フラン、魔法大会決勝戦を観戦する(その1)

 大会2日目、宿泊場所で昼食を取った私とミアは、昨日と同じく警備の仕事をしていた。

 

「昨日と違って本当平和だねフランちゃん」

「うん。たまに見かけるヤバい奴らも私と目が合うと逃げてくし、隊長の所に来る被害報告も昨日に比べてほぼ半分以下らしいからね。輩を半殺しにしたのが効いたのかな?」

 

 昨日はそれなりに絡まれたり目の前でトラブルが起きたりもしたが、今日は殆んど絡まれることも、トラブルもなかった。

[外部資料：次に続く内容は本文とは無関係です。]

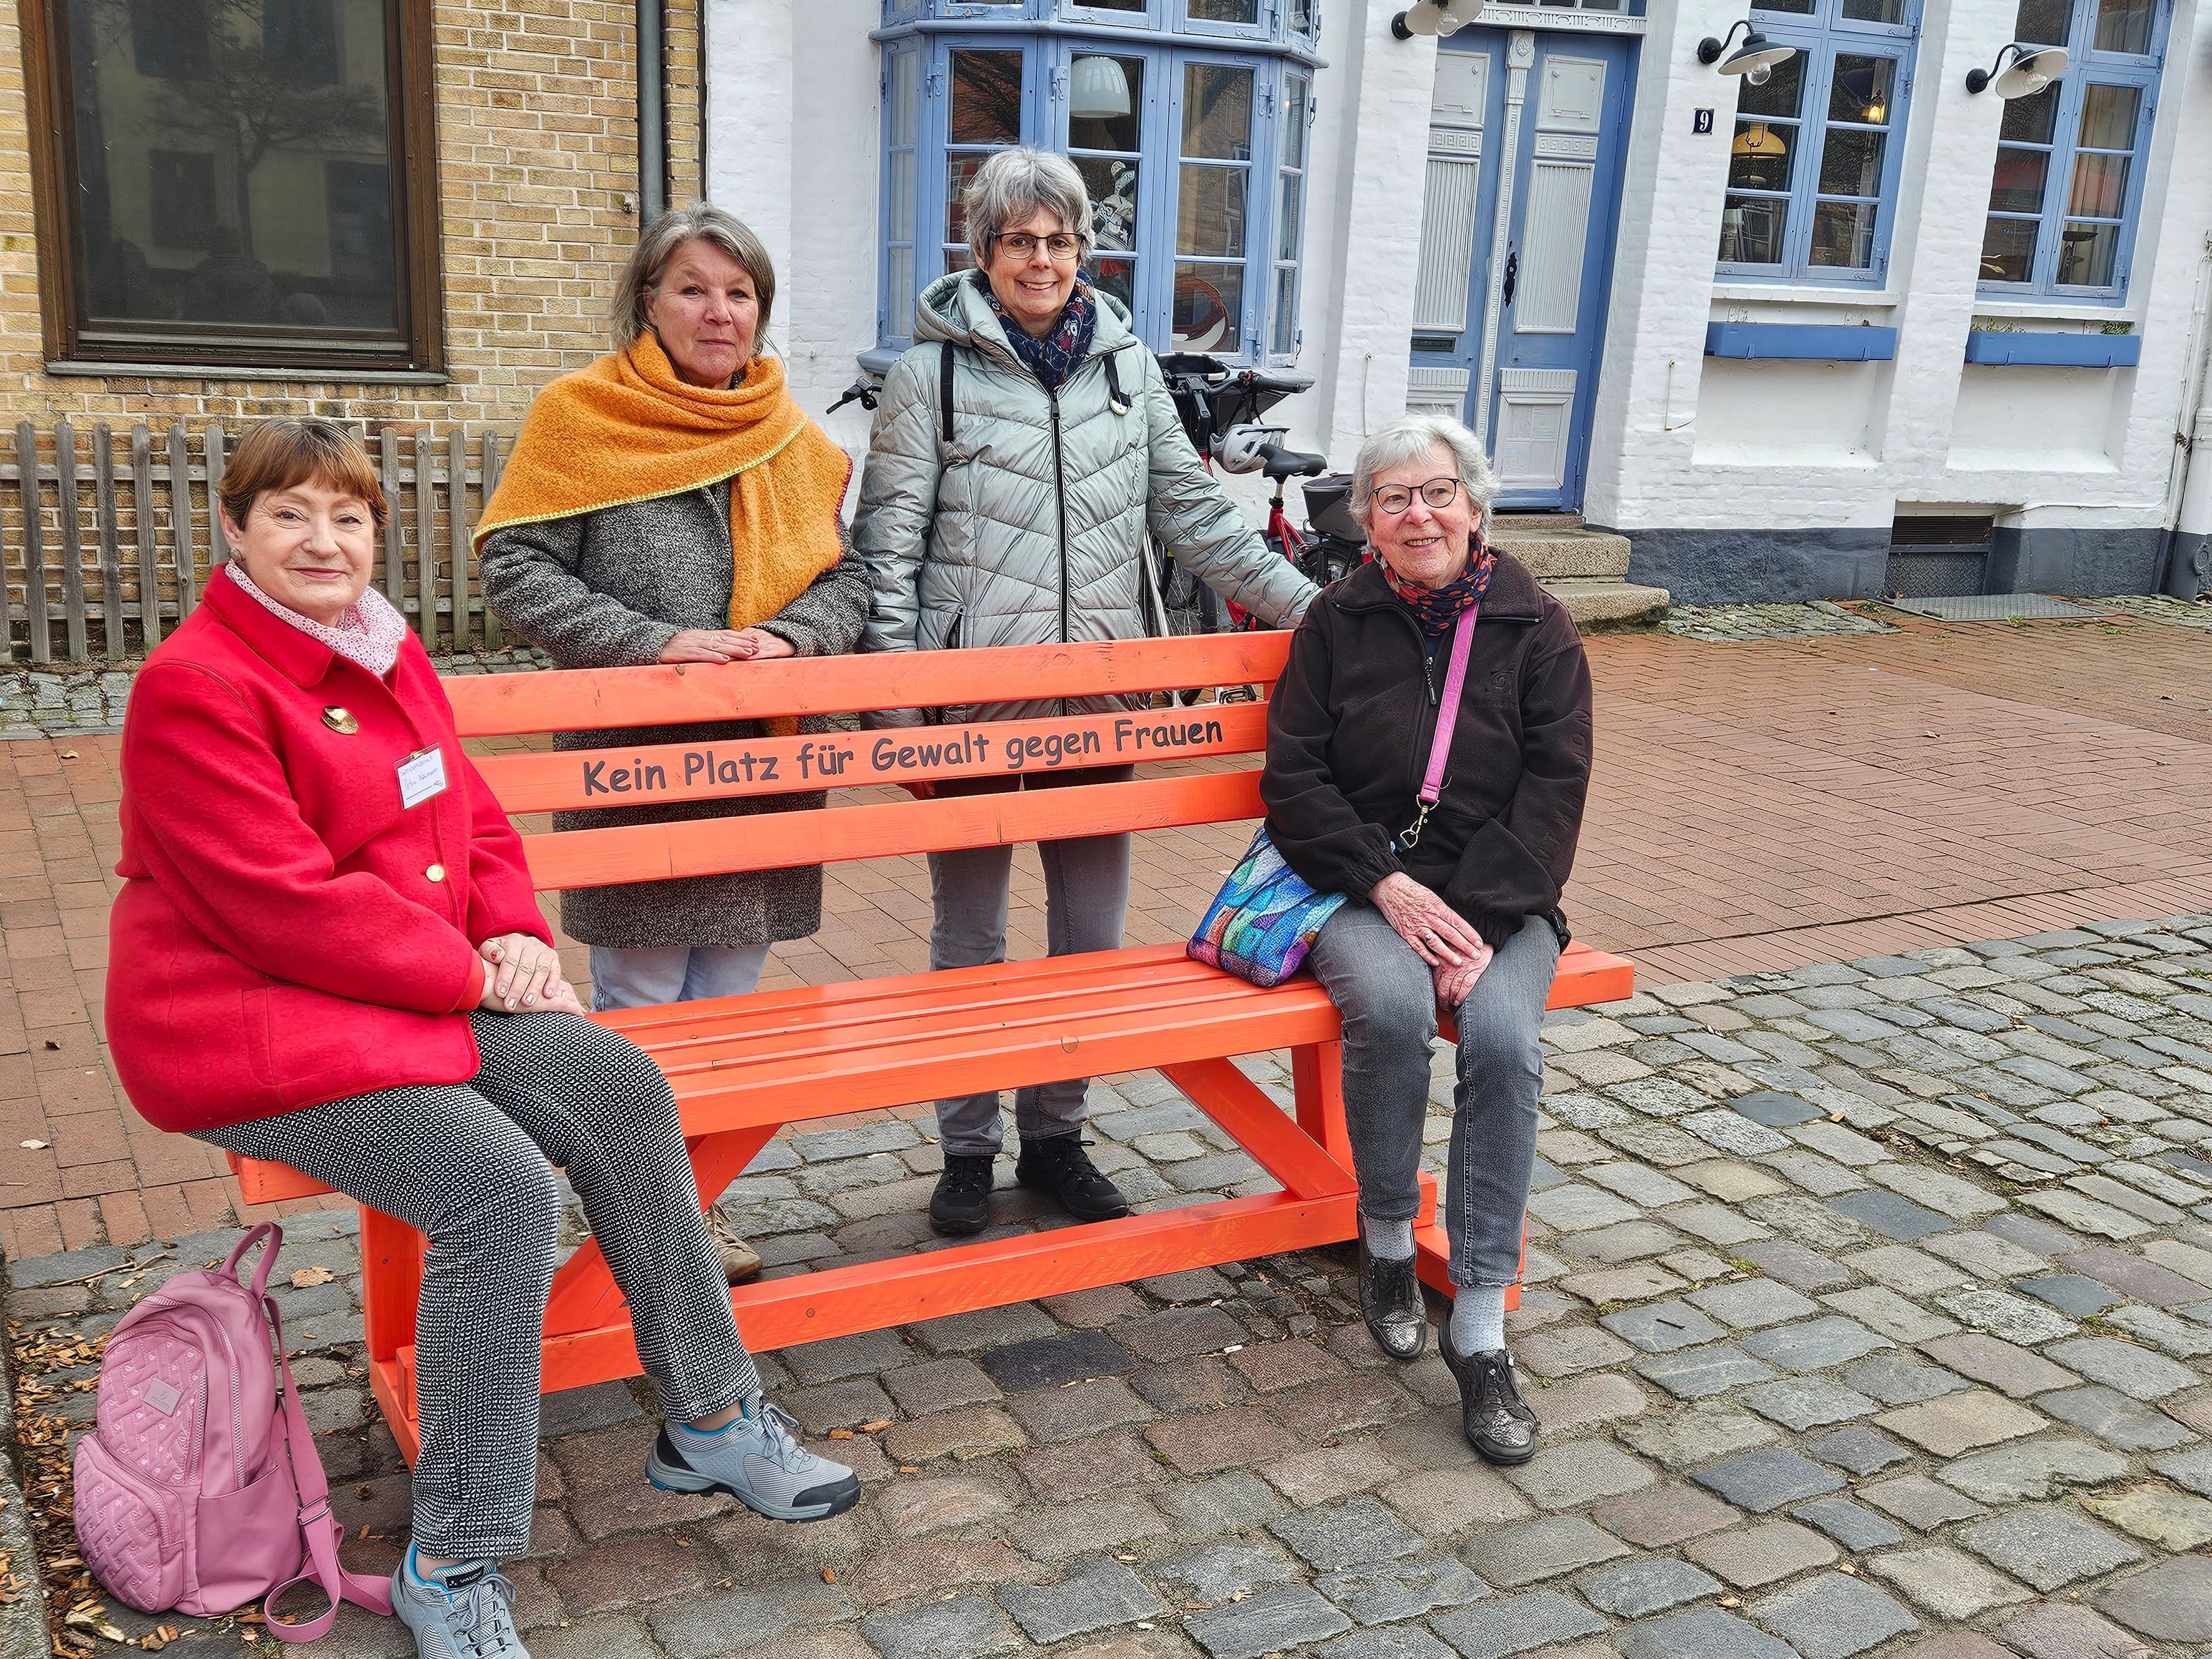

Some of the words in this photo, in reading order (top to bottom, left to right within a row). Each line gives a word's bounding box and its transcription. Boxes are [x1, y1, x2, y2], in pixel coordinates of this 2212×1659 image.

[1699, 111, 1709, 131] 9
[583, 757, 666, 797] Kein
[684, 751, 779, 786] Platz
[796, 743, 854, 779] für
[872, 730, 990, 771] Gewalt
[1006, 731, 1100, 770] gegen
[1115, 719, 1223, 752] Frauen
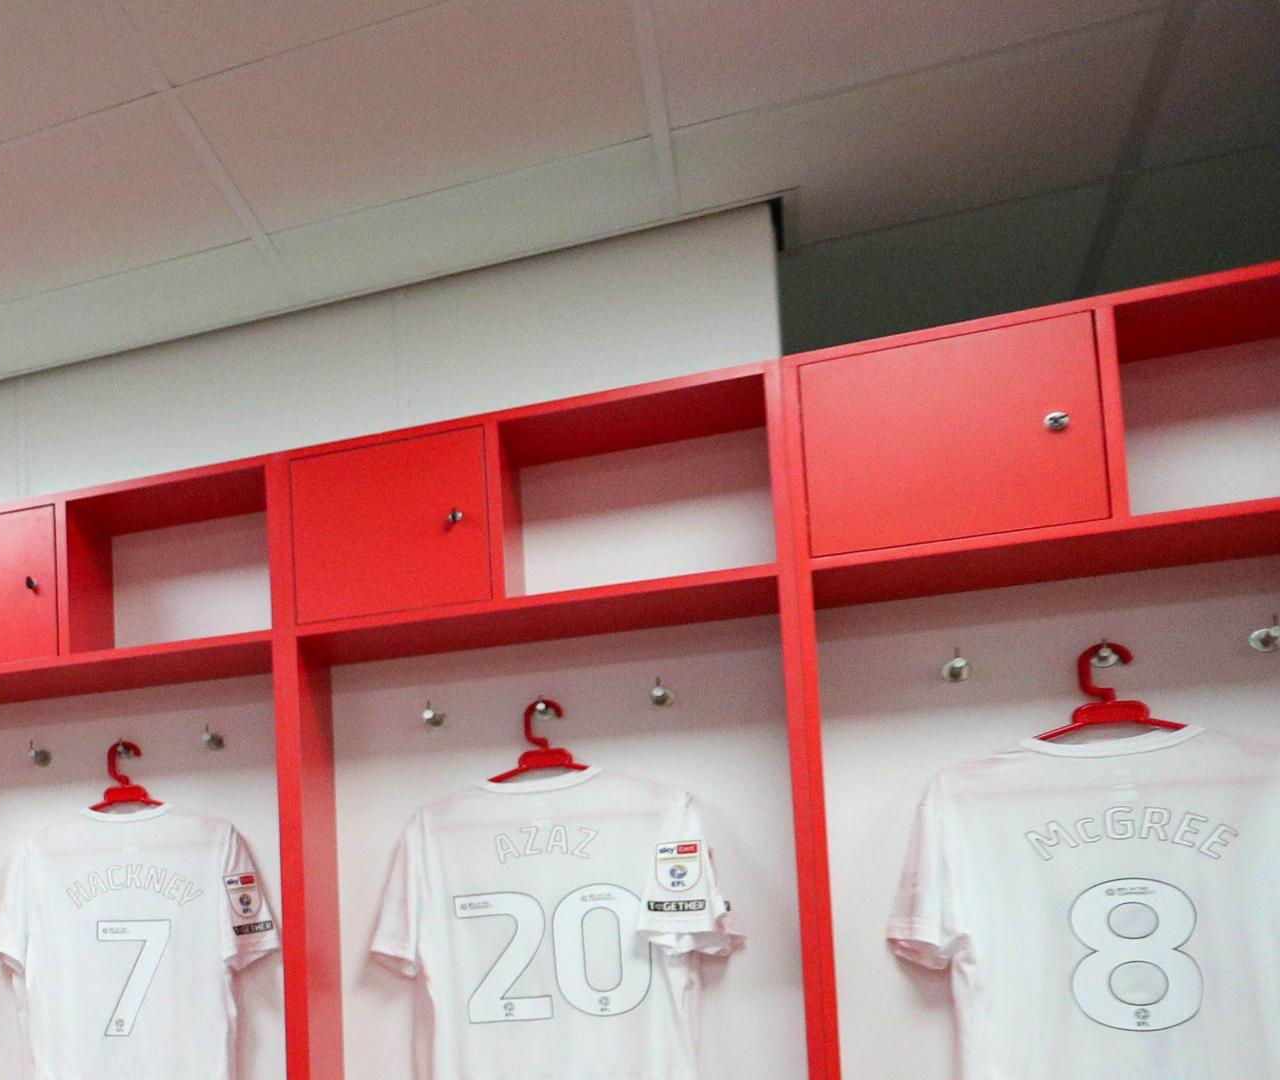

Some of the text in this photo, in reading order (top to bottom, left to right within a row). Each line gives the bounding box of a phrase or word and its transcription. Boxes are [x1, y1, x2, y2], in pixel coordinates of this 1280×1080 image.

[495, 824, 599, 864] AZAZ
[1024, 806, 1240, 861] McGREE
[66, 864, 204, 909] HACKNEY
[96, 918, 172, 1037] 7
[453, 881, 653, 1024] 20
[1067, 877, 1204, 1032] 8
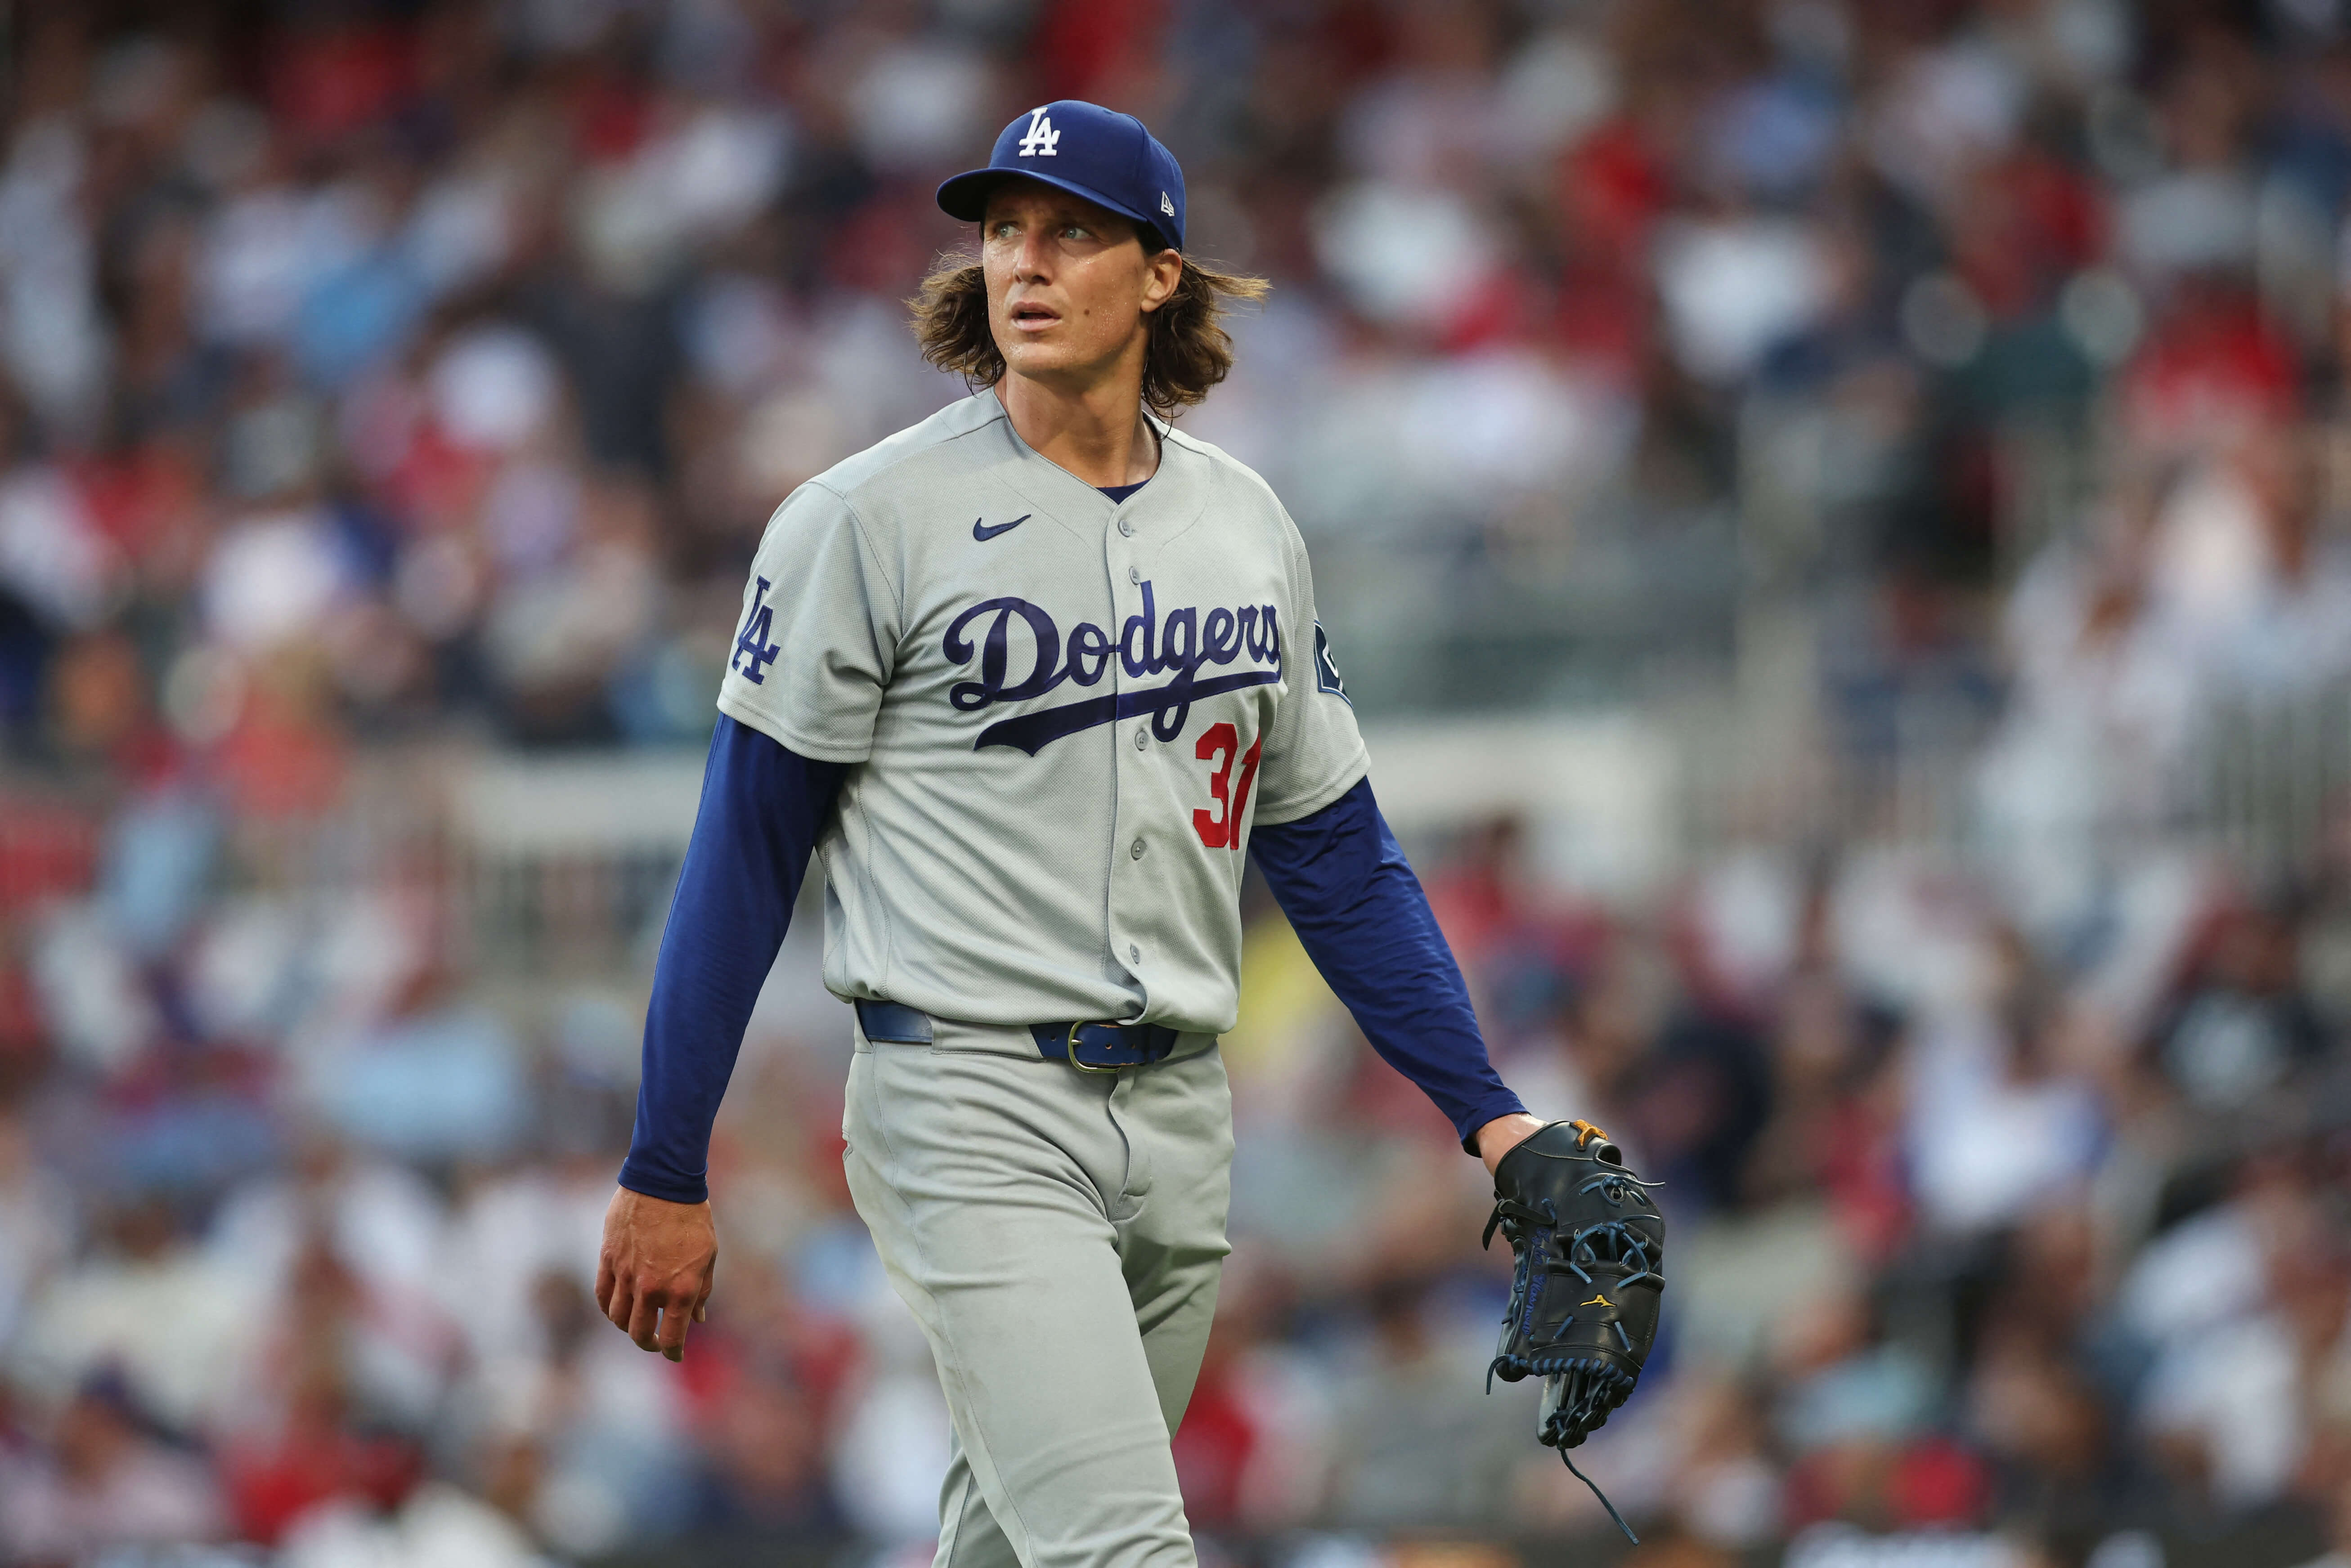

 たまに来る輩は居たが、それらは謎の仮面集団に首根っこ掴まれて連行されていった。

 

「それにあの仮面たちって一体誰なんだろう? まあ、面倒な輩を連れてってくれるからいい人たちなんだろうけど」

「きっとこの町の自警団的な組織なんじゃないのかな?」

「なるほど」

 

 そうして何事もなく無事に2日目の仕事を終えることが出来た。帰り際に隊長に試合結果を聞いてみた所、オウラン学園は相手を全く寄せ付けずに圧勝したらしい。流石強豪だと思った。

 

 

 ――――――――――

 

 

 そして大会最終日、私とミアは強豪同士のオウラン学園とルーフィオレ学園の決勝戦を遅れたものの、観戦していた。

 

「相手が残り2人、こっちも残り2人。やはり強豪だけあって強いねフランちゃん」

「うん。だけど、ジェノは少なくともドーピングした相手に相討ちするくらいには強いし、それに勝った事があるシルフィオも居るからきっと大丈夫だとは思うけどね」

 

 不正した相手ではなく、強いのであれば本当の実力で強い相手であって欲しいと思いつつ、試合が始まるのを待つ。

 

『えっと……ただ今より、オウラン学園のジェノさんとルーフィオレ学園のアルゼさんの試合を始めます!』

 

 そうして司会者が試合開始の合図を出し、2人が身構える。まず先手を打ってきたのはアルゼの方だ。地面から噴水の様に水を噴き出させて攻撃する魔法『ウォータースプラッシャー』を発動させ、ジェノに攻撃の隙を与えさせない。

 

「あの時の戦闘を見させて貰った! お前は火属性魔法が得意らしいが、俺は水属性魔法が得意だ。これでそれは封じた。後は、弾幕と言う少し厄介なオリジナル魔法だな。幸い威力はそこまで高くないみたいだからなんとかなるか」

「はぁ……これだから1回戦目で使いたくなかったんだけどな……」

 

 そんな事を言いながら噴き出してくる水を、軽やかなステップで避け続けるジェノ。時折隙を見つけては火属性魔法をアルゼに対して放つも、水属性魔法で打ち消されてしまっていた。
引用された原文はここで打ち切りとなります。